# WB in der Nordsee



## brandungsteufel (8. Oktober 2004)

Wollte mal nach euren Erfahrungen fragen.

Bis jetzt habe ich erst 3 Stück gefangen auf Sandaal auf meinen Buttmontage.

Wo sind denn eure Meinung nach die Besten Stellen und was die Besten Methoden. Meine jetzt nicht Orte sondern bevorzugte Stellen der Fische 

Hier mal ein Foto von meinem letzten :






Ich will mal nächtes Jahr gezielt auf WB angeln.

MFG


----------



## brandungsteufel (11. Oktober 2004)

*AW: WB in der Nordsee*

Hmm, komisch angelt denn keiner auf WB?

Gibt es denn hier nur Mefo und Dorsch Anhänger 

PS: Mich beschleicht so ein Gefühl das nicht alle wissen was das für ein Fisch auf dem Foto ist |kopfkrat 

MFG


----------



## Palerado (11. Oktober 2004)

*AW: WB in der Nordsee*

Es handelt sich um einen Wolfsbarsch (auch wenn ich erst überlegen musste)
Die meisten hier angeln wohl in der Ostsee, daher die mangelnden Antworten.

Bei mir ist es genauso.


----------



## brandungsteufel (11. Oktober 2004)

*AW: WB in der Nordsee*

Das wäre gut möglich, denn in der Ostsee ist er selten anzutreffen.

Ist aber ein Fisch der die Mühe auf jeden Fall Wert ist.


----------



## Mac Gill (11. Oktober 2004)

*AW: WB in der Nordsee*

Ich stelle denen schon mal in Westkappelle (NL) nach. Außerdem noch am Neltje Jans in Kamperland.

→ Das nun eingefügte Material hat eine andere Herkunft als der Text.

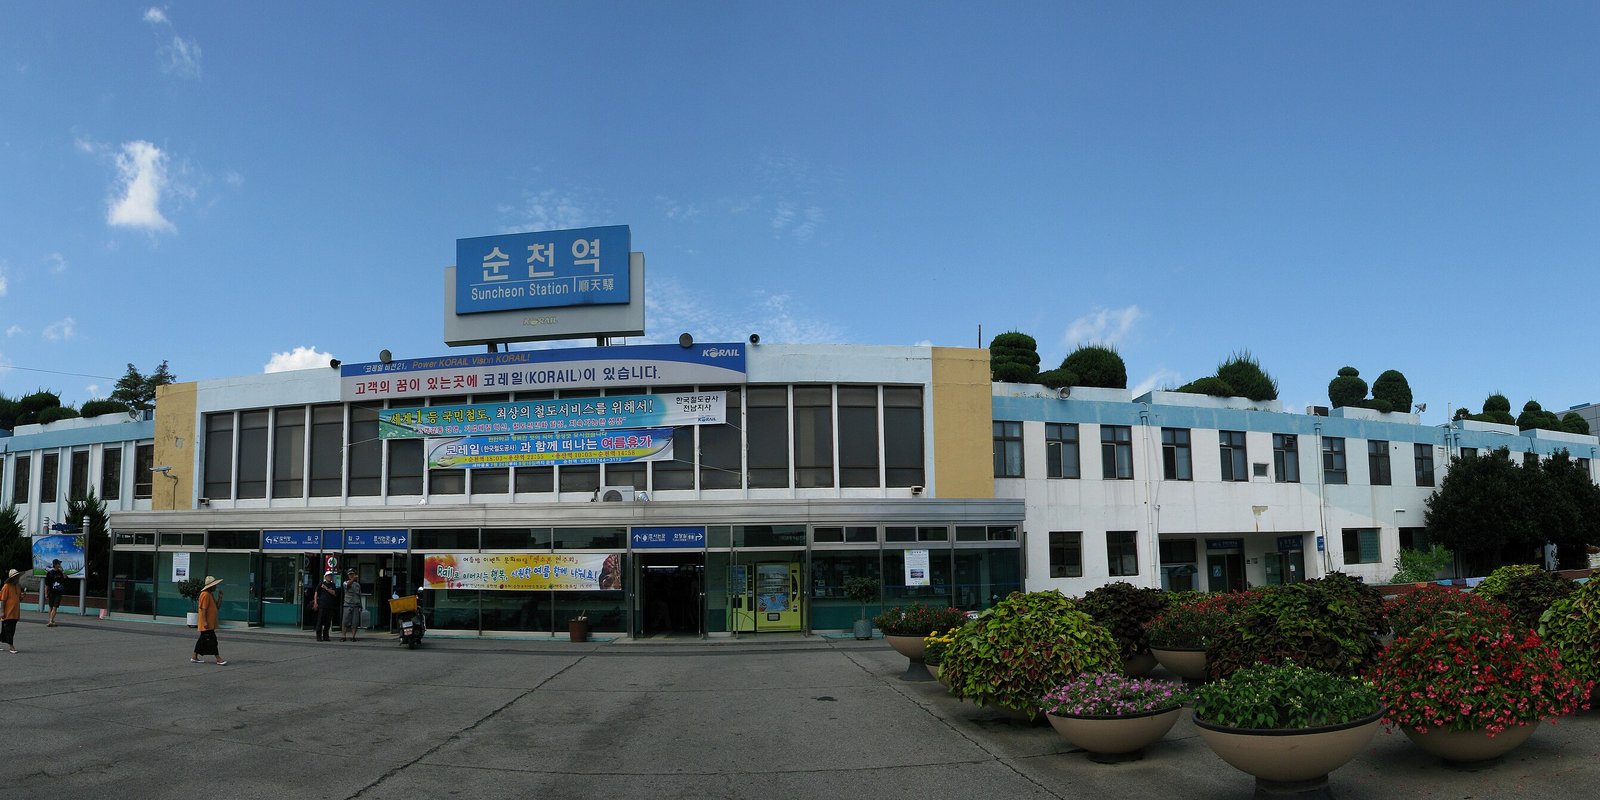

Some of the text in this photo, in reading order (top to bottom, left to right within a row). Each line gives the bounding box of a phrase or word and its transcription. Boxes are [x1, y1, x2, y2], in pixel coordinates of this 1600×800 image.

Entweder mit Zargers auf Grund oder auf Wobbler in der Nähe von Molen, Stegen oder Wellenbrechern in Ufernähe.


----------



## Mac Gill (11. Oktober 2004)

*AW: WB in der Nordsee*

Ach ja,
in NL heissen die Zeebaars ...


----------



## burti (11. Oktober 2004)

*AW: WB in der Nordsee*

#h Zunächst mal Hallo an alle, ein weiterer neuer gibt sein Debüt im Forum. #h 

Der Wolfsbarsch liebt Stömung.
Molen, Wellenbrecher und andere Bauwerke sind immer gute Stellen für Wölfe.
Auch Flußmündungen gelten als gute Plätze, hier fehlt mir aber die Erfahrung.
Ferner sind die Strände der Nordseeinseln insbesondere an den Spitzen der Inseln gute Reviere für den Brandungsangler.

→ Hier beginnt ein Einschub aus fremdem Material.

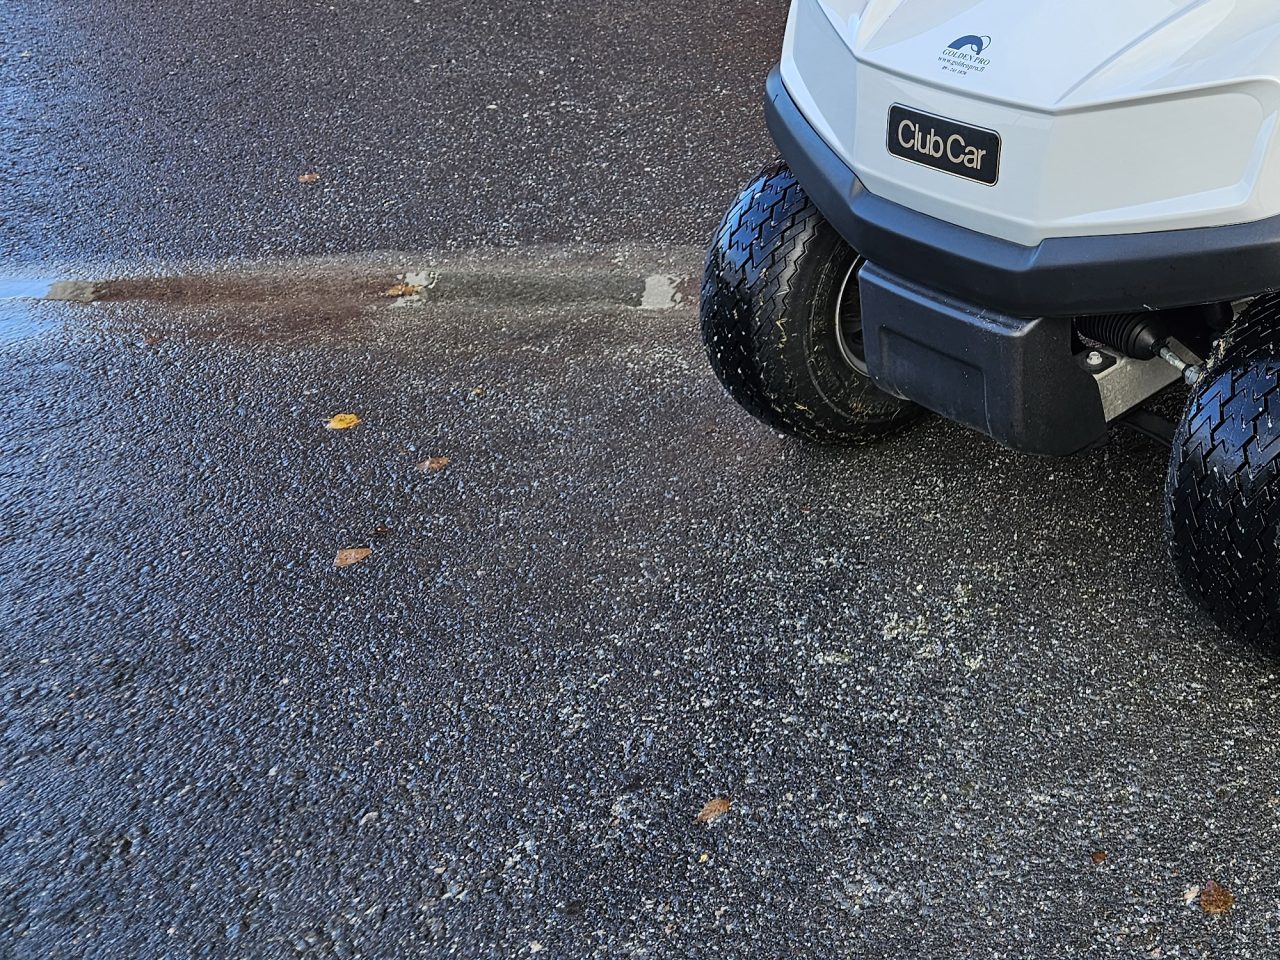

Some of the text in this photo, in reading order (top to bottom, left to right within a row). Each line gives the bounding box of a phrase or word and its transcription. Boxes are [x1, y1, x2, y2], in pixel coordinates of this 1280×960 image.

[942, 48, 991, 66] GOLDEN PRO
[897, 119, 987, 170] Club Car
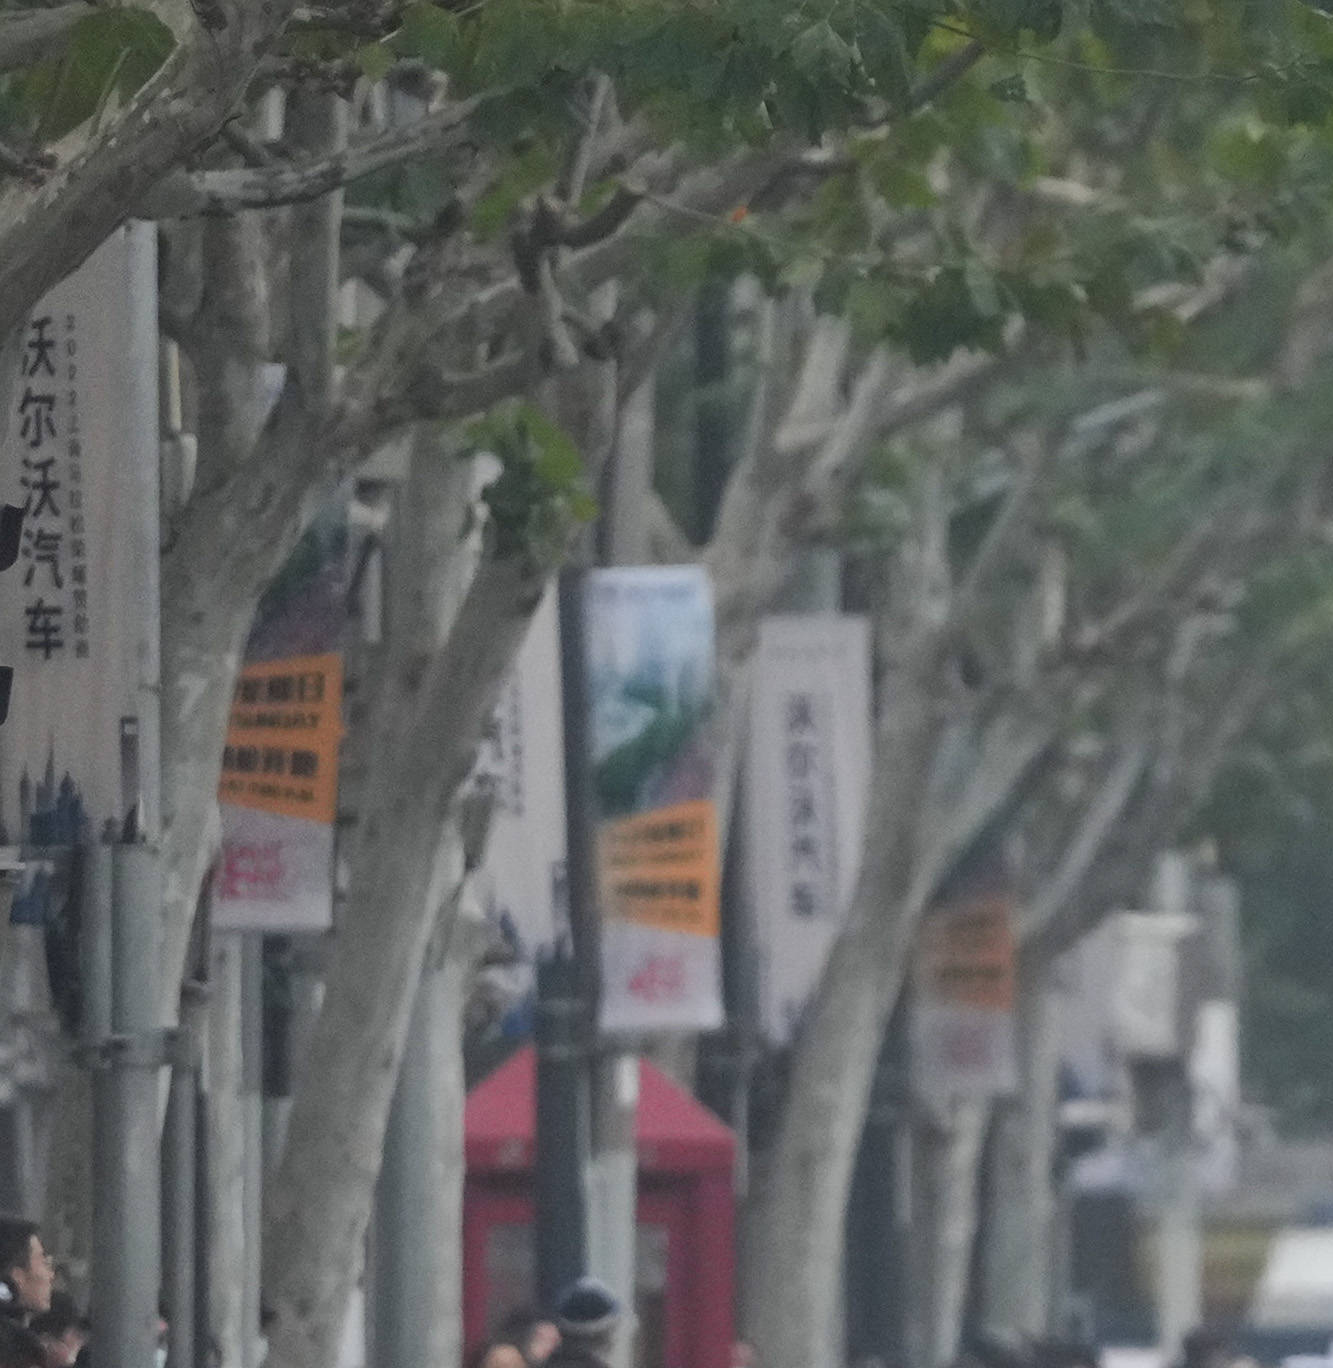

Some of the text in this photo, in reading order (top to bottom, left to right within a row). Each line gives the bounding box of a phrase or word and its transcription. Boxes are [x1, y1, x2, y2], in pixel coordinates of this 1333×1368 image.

[18, 316, 64, 661] 沃尔沃汽车

Von Molen ist der Kunstköder am gebräuchlichsten, hierbei wird vom Twister über Streamer und Wobler bis hin zu kleinen Pilker eigentlich alles verwendet was sich bewegt. Da ich diese Methode nur selten und auch nicht mit echter Begeisterung betreibe, kann ich hier nicht wirklich bete Tipps geben.
Ferner wird von Molen auch öfters mit einer Schwimmer-Montage, beködert mit ganzem Seeringelwurm oder Fischfetzen, erfolgreich geangelt.
Auch mit einer Grundblei-Montage kann man von Molen erfolgreich Wolfsbarsche fangen, leider sind es meist die Zwerge, die man dabei erbeutet.

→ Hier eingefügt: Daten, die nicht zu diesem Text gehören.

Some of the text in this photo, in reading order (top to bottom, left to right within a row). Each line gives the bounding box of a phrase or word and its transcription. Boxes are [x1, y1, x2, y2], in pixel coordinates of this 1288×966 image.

Anders ist es in der Brandung, wo die Kunstköderangelei eher ein Schattendasein fristet.

Montagen mit ein oder zwei Haken (1/0 -4/0) an nicht zu kurzen Mundschnüren, Krallblei, in oder kurz vor der Brandung angeboten, sind hierbei am erfogreichsten. 
Als Köder dienen Sandale, Krabben (ich meine die mit den zwei Scheren nicht das Zeug aus der Mayonaise) und notfalls auch Wattwürmer, wobei mein absoluter Favorit der Seerigelwurm ist.

Bedeckter Himmel und eine ordentliche Brandung ist dem Erfolg zuträglich. Allerdings kann man auch bei schönstem Sommerwetter und "Ententeich" Erfolg haben, allerdigs dann Nachts, wobei die Nachtangelei auf Wolfsbarsche generell recht erfolgreich ist.
Der September ist meines Erachtens der top Monat für Strandbarsche.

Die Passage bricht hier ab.